Identifier: MSS 0099-F0919

Content Description

Social philosopher Eugen Rosenstock-Huessy wrote to Quaker educator William Hubben in response to Hubben's letters and the gift of his book.

Prompted by recent letters from Hubben, Rosenstock-Huessy remarked on the difficulty of getting booksellers to offer his publications in the United States. Enclosed with this first letter were copies of a catalog which listed Rosenstock-Huessy's publications and contained excerpts from several of those publications. Rosenstock-Huessy hoped that Hubben might distribute the catalogs.

In Rosenstock-Huessy's second letter, dated October 10, 1962, he thanked Hubben for a copy of a book by Hubben, possibly Four Prophets of Our Destiny: Kierkegaard, Dostoevsky, Nietzsche, Kafka, since Rosenstock-Huessy continued his letter by discussing his views of Kafka and Nietzsche.


  • Creation: 1961 May 27 - 1962 October 10


Language of Materials

Materials entirely in English.

Conditions Governing Access

The collection is open for research.

Conditions Governing Use

Use of materials from this collection beyond the exceptions provided for in the Fair Use and Educational Use clauses of the U.S. Copyright Law may violate federal law. Permission to publish or reproduce is required from the copyright holder. Please contact Special Collections, University of Delaware Library,

Eugen Rosenstock-Huessy (1888-1973)

Social philosopher and educator Eugen Rosenstock-Huessy (1888-1973), immigrated to the United States in 1933 and briefly taught at Harvard University.

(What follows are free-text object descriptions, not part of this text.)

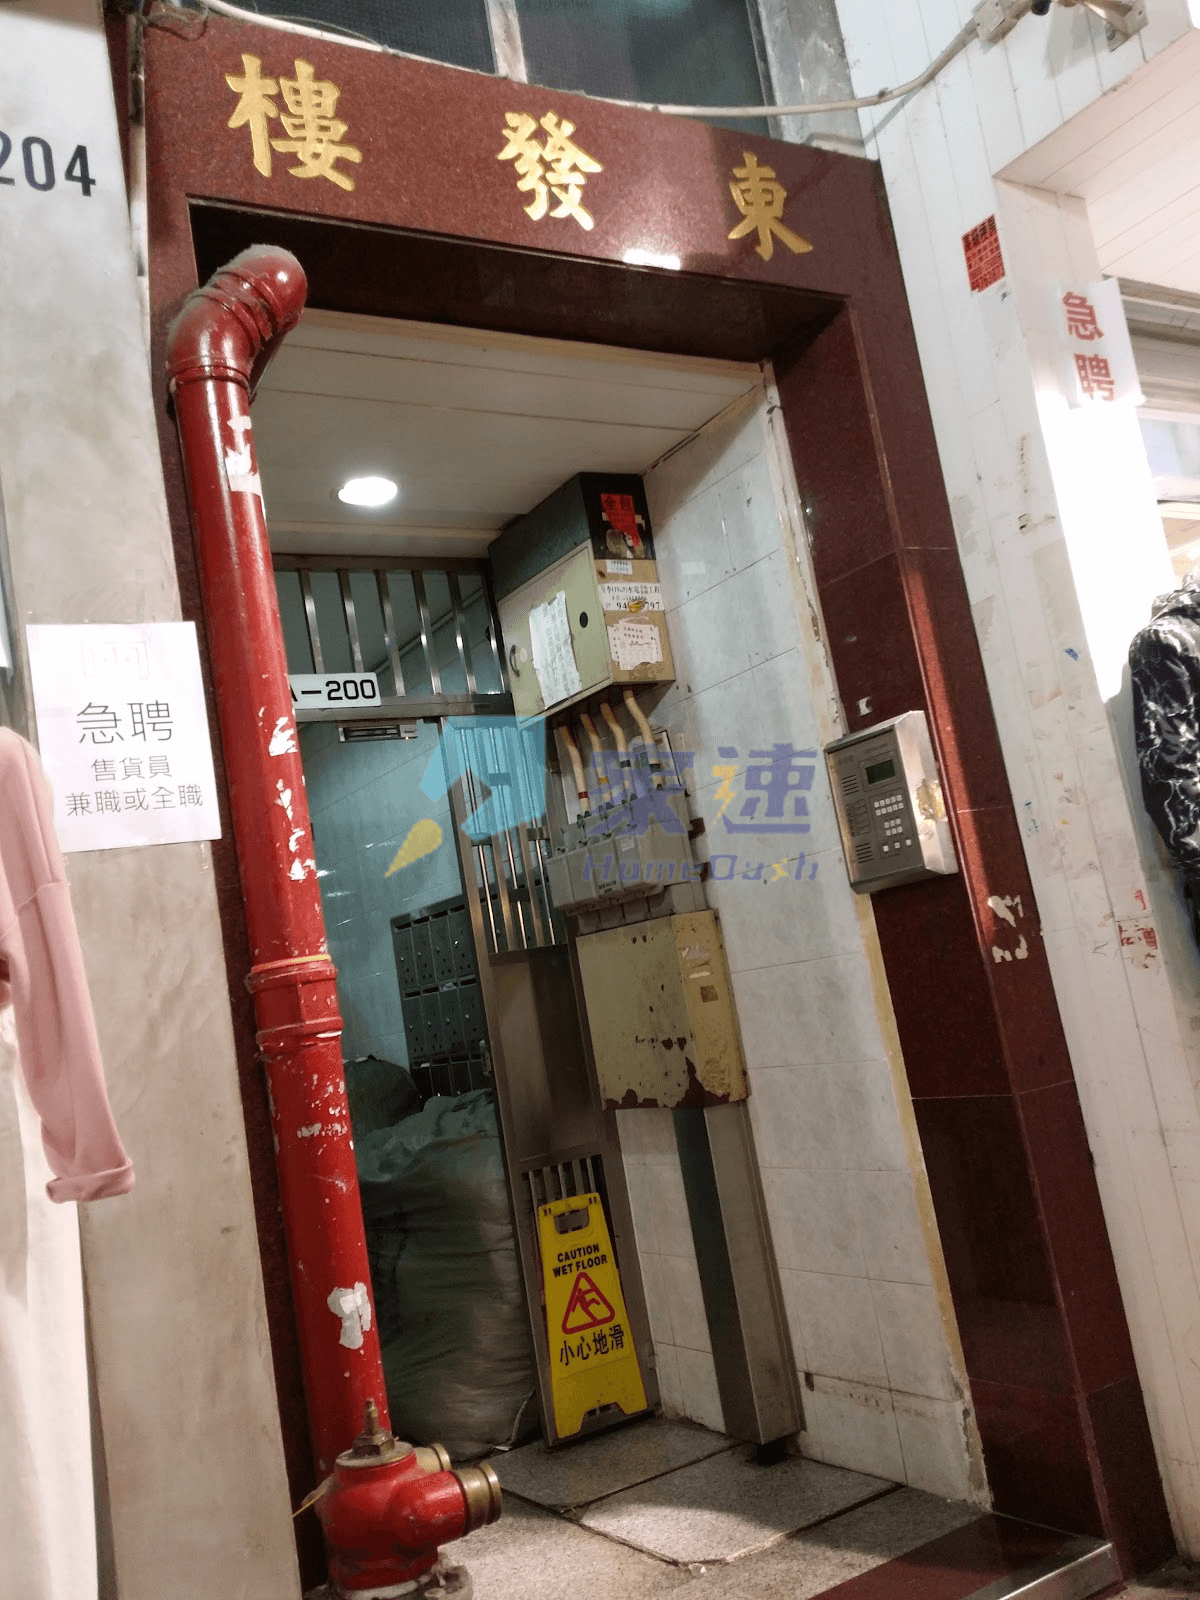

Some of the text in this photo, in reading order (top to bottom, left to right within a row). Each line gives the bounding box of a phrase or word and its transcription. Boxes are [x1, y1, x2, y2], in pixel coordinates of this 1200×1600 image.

[76, 700, 174, 744] 急聘
[91, 755, 173, 783] 售貨員
[65, 784, 204, 817] 兼職或全職
[552, 1254, 608, 1278] WET FLOOR
[557, 1243, 600, 1264] CAUTION
[559, 1324, 625, 1367] 小心地滑

In 1935 he became professor of social philosophy at Dartmouth College in Hanover, New Hampshire, where he retired in 1957, as Professor Emeritus.

Rosenstock-Huessy received his doctorate in law from the University of Heidelberg in 1909, at the age of 21. Prior to World War I, he taught the history of law and constitutional law at the University of Leipzig. During the war he served in the army, with part of his tour of duty at Verdun.

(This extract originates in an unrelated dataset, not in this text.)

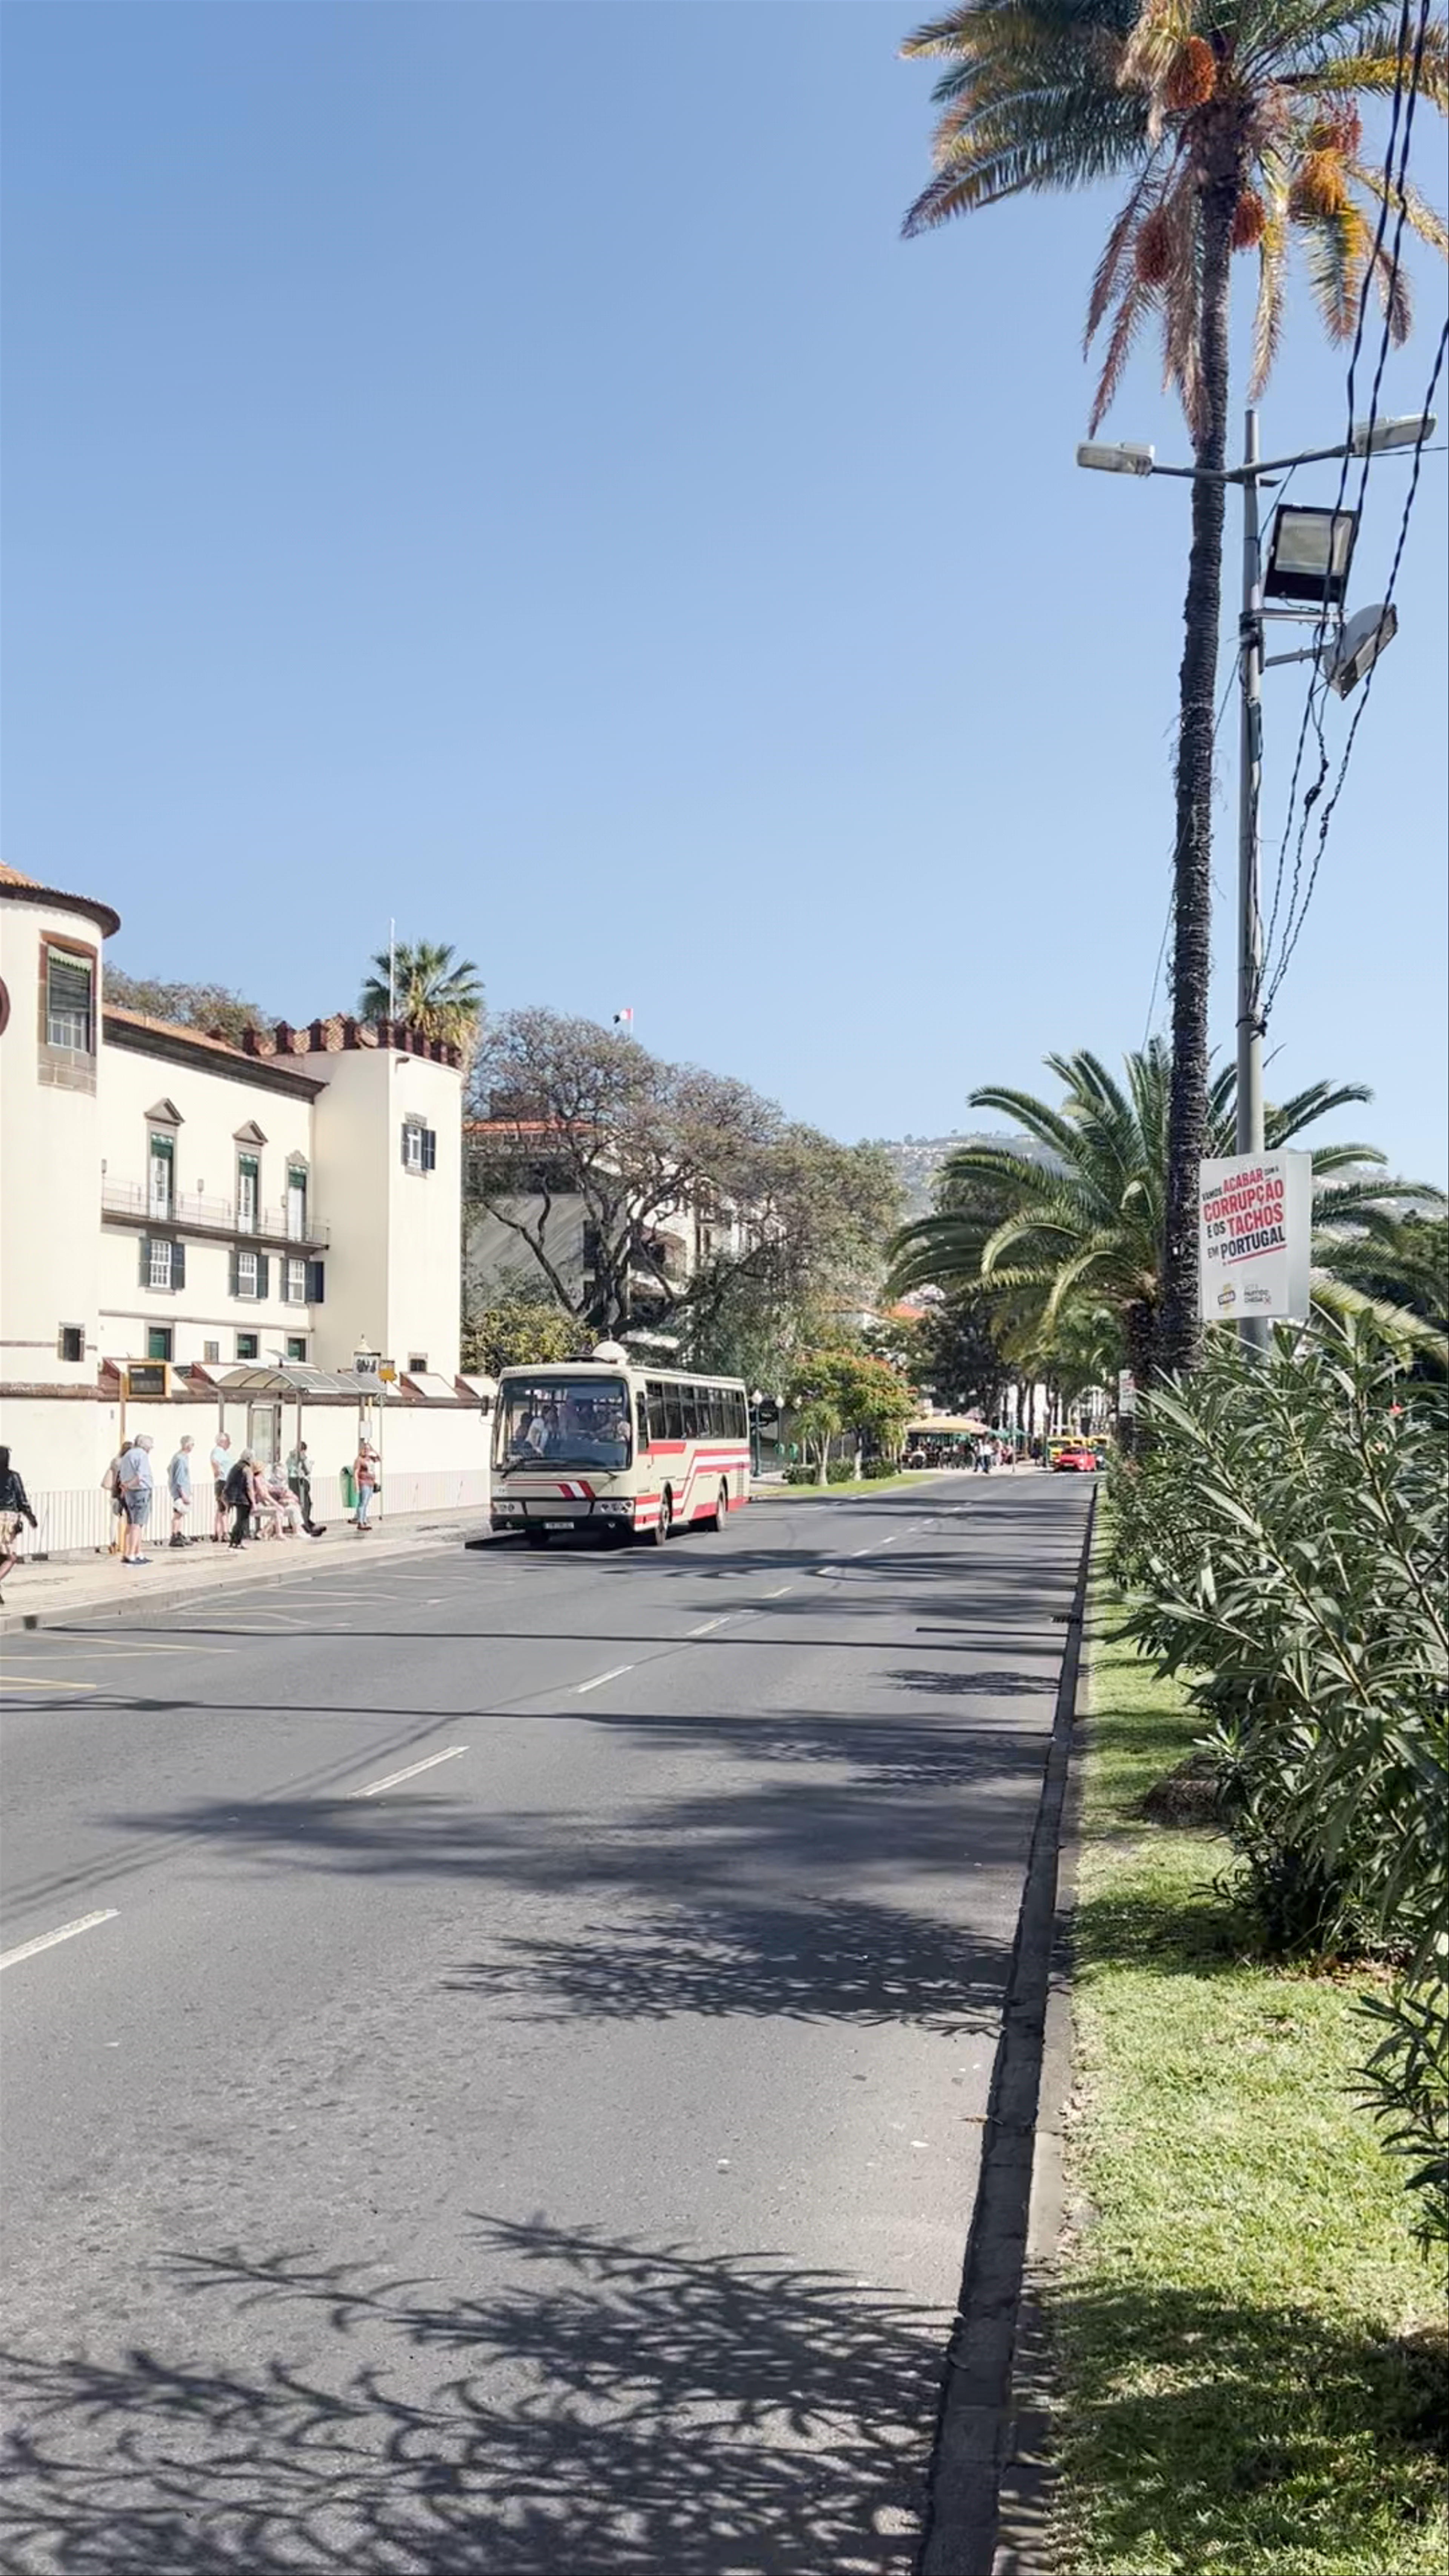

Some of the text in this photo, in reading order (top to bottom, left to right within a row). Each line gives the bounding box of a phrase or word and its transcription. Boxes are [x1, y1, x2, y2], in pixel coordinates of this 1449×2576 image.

[1223, 1167, 1263, 1193] ACABAR
[1204, 1178, 1283, 1222] CORRUPÇÃO
[1207, 1203, 1283, 1238] E OS TACHOS
[1208, 1226, 1286, 1260] EM PORTUGAL

Following the war, Rosenstock-Huessy left teaching to work at the Daimler Auto Company as an editor. He also started the Patmos Publishing House, which in 1924, published his Practical Knowledge of the Soul. This volume outlined Rosenstock-Huessy's new method for the social sciences (later named "metanomics") which is based on language, the spoken word, and his "grammatical approach."

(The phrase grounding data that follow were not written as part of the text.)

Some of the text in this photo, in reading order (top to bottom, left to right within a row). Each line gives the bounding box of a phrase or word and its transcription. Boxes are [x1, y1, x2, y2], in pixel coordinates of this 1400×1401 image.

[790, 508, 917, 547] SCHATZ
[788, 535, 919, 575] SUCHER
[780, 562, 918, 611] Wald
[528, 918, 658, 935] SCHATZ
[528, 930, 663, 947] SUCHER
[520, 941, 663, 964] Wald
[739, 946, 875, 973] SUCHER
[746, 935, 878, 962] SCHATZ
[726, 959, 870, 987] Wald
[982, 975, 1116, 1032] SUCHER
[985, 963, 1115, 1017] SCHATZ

Rosenstock-Huessy's I Am an Impure Thinker, which was published by Argo Press in 1970, includes an introduction by W. H. Auden, who was influenced by Rosenstock-Huessy's work. Judaism despite Christianity; the letters on Christianity and Judaism between Eugen Rosenstock-Huessy and Franz Rosenzweig, published by the University of Alabama Press in 1969, has been considered by scholars of religion as an important work in the study of encounters between Christianity and Judaism.

"Eugen Rosenstock-Huessy." Contemporary Authors Online. (accessed June 2012).

Guide to the Papers of Eugen Rosenstock-Huessy, 1870 – 2001 (MS-522). Rauner Special Collections Library, Dartmouth College. (accessed June 2012).

William Hubben (1895-1974)

Prominent Quaker educator William Hubben (1895-1974) was a speaker, the editor of both Friends Intelligencer and Friends Journal, as well as the author of books and articles in the fields of religion and literature.

Hubben's book, Four Prophets of Our Destiny: Kierkegaard, Dostoevsky, Nietzsche, Kafka, was first publlished by Macmillan in 1952, but the work has been revised and editions continued to be printed through 1997.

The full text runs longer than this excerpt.